***** Supplied records *****

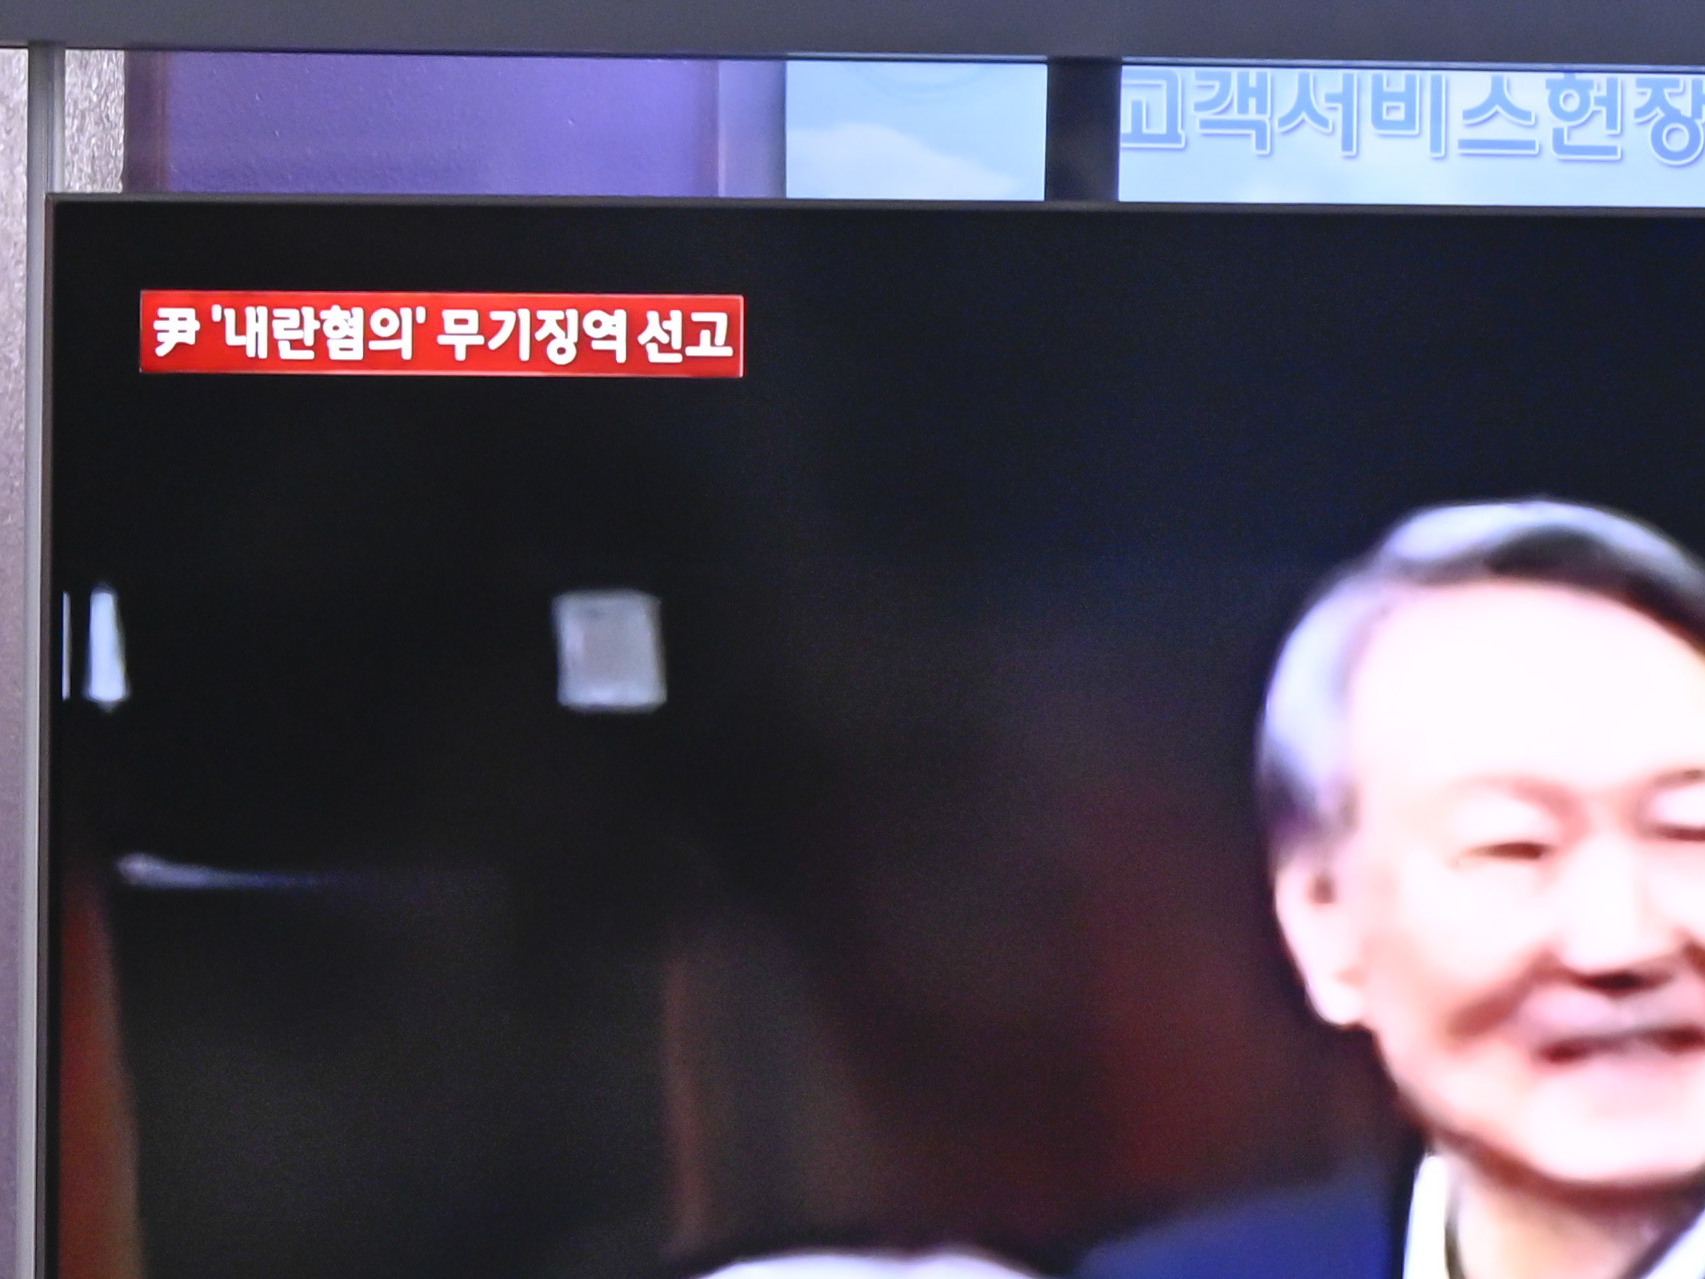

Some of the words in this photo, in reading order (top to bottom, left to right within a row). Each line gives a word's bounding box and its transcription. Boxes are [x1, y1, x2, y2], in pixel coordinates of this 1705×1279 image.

[153, 305, 201, 358] 尹
[211, 303, 428, 361] '내란혐의'
[437, 308, 627, 366] 무기징역
[637, 310, 734, 364] 선고

*****

An exact copy of every entry above is required, without the pictures.

### Exercise solution
Some of the words in this photo, in reading order (top to bottom, left to right within a row). Each line gives a word's bounding box and its transcription. Boxes are [x1, y1, x2, y2], in pixel coordinates of this 1705×1279 image.

[153, 305, 201, 358] 尹
[211, 303, 428, 361] '내란혐의'
[437, 308, 627, 366] 무기징역
[637, 310, 734, 364] 선고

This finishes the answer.